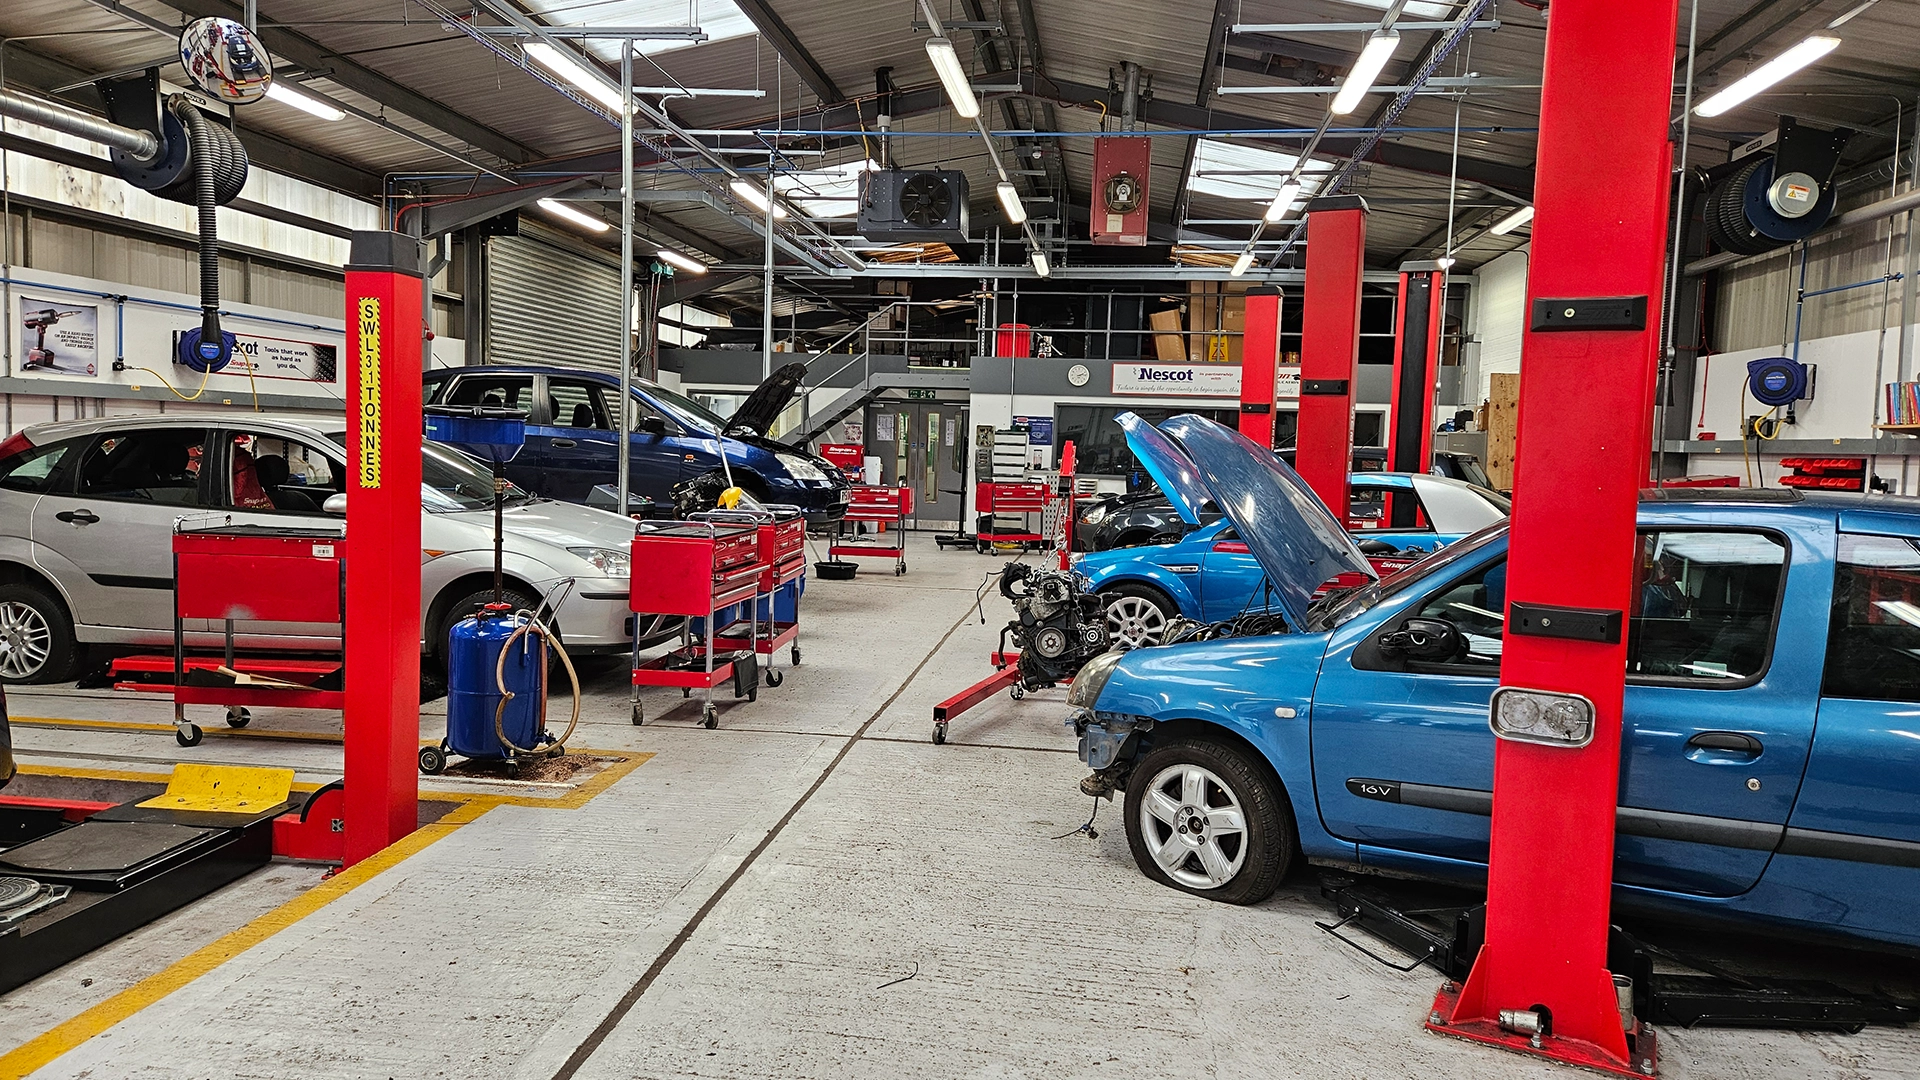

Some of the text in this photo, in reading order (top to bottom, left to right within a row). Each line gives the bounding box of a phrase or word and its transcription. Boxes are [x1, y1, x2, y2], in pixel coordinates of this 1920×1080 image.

[1138, 368, 1194, 381] Nescot
[364, 387, 376, 482] TONNES
[1361, 784, 1390, 796] 16V
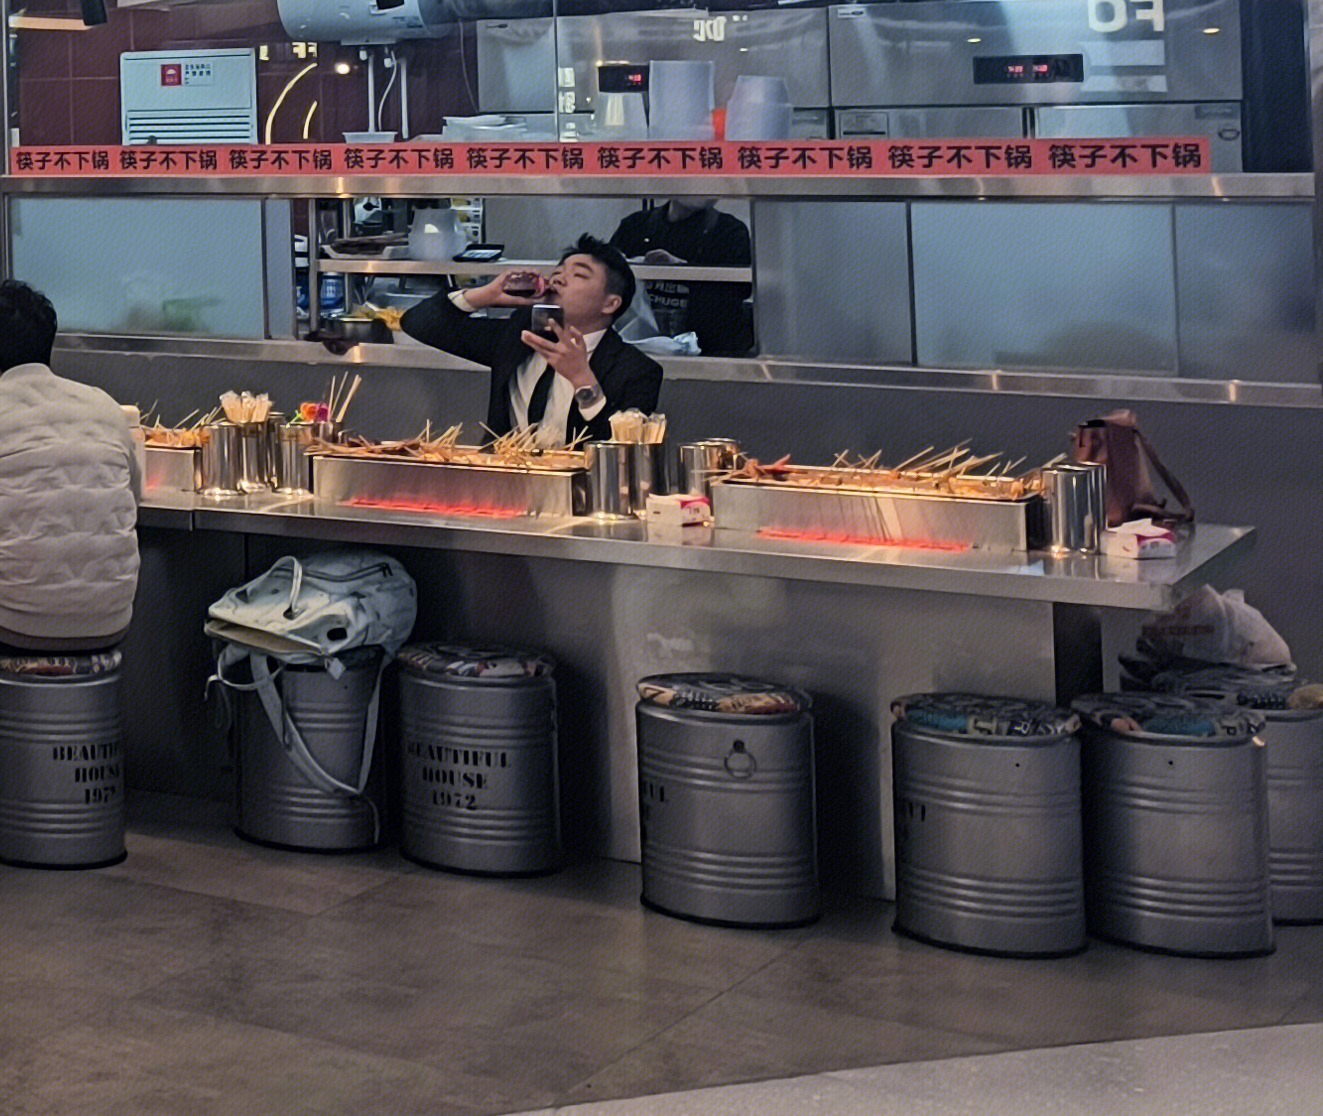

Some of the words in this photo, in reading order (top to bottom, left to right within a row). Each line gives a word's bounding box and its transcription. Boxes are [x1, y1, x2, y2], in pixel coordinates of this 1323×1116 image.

Activity:
With the pictures left out, return all the material above exactly.

Solution for this problem:
Some of the text in this photo, in reading order (top to bottom, left to right within a row). Each line gives the bounding box of a phrase or word and its transcription. Boxes are [x1, y1, x2, y2], in pixel coordinates of this 1920×1080 image.

[1138, 368, 1194, 381] Nescot
[364, 387, 376, 482] TONNES
[1361, 784, 1390, 796] 16V

Some of the words in this photo, in reading order (top to bottom, left to right within a row). Each line gives a word's bounding box and its transcription. Boxes are [x1, y1, x2, y2], in pixel coordinates of this 1323×1116 image.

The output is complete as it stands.